Task details » Each line from the one that contains "this 2212×1659 image." to the end of the entries must be copied word for word, and only those lines.

*** Opening of Data records ***

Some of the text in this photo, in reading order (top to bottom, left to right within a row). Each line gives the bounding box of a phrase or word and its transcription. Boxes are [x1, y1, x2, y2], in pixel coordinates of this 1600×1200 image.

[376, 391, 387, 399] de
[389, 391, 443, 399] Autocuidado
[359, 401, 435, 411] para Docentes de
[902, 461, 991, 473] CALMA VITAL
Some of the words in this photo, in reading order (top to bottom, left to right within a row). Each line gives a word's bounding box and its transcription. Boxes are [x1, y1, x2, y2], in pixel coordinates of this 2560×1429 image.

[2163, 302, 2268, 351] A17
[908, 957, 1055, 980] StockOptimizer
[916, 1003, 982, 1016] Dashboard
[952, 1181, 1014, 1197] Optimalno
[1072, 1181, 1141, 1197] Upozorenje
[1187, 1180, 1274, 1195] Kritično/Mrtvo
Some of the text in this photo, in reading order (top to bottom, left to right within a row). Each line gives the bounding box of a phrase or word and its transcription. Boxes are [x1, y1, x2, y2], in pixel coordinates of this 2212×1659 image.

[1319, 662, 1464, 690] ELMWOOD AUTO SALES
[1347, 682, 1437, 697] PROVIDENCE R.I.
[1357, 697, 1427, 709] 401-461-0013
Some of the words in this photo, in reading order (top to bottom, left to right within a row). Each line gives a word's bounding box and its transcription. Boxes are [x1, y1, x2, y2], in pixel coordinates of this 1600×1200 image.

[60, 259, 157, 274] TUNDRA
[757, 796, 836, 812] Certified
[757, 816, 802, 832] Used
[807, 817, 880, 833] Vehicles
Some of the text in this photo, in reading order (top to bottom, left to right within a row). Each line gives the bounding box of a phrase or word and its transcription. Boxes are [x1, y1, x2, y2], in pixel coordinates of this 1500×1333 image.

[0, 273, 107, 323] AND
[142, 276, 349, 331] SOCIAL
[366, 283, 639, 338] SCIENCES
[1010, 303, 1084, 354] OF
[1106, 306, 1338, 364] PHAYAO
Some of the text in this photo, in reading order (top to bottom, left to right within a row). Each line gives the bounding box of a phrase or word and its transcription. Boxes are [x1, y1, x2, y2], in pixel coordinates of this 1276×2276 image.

*** Close of Data records ***

Exercise output »
Some of the text in this photo, in reading order (top to bottom, left to right within a row). Each line gives the bounding box of a phrase or word and its transcription. Boxes are [x1, y1, x2, y2], in pixel coordinates of this 2212×1659 image.

[1319, 662, 1464, 690] ELMWOOD AUTO SALES
[1347, 682, 1437, 697] PROVIDENCE R.I.
[1357, 697, 1427, 709] 401-461-0013
Some of the words in this photo, in reading order (top to bottom, left to right within a row). Each line gives a word's bounding box and its transcription. Boxes are [x1, y1, x2, y2], in pixel coordinates of this 1600×1200 image.

[60, 259, 157, 274] TUNDRA
[757, 796, 836, 812] Certified
[757, 816, 802, 832] Used
[807, 817, 880, 833] Vehicles
Some of the text in this photo, in reading order (top to bottom, left to right within a row). Each line gives the bounding box of a phrase or word and its transcription. Boxes are [x1, y1, x2, y2], in pixel coordinates of this 1500×1333 image.

[0, 273, 107, 323] AND
[142, 276, 349, 331] SOCIAL
[366, 283, 639, 338] SCIENCES
[1010, 303, 1084, 354] OF
[1106, 306, 1338, 364] PHAYAO
Some of the text in this photo, in reading order (top to bottom, left to right within a row). Each line gives the bounding box of a phrase or word and its transcription. Boxes are [x1, y1, x2, y2], in pixel coordinates of this 1276×2276 image.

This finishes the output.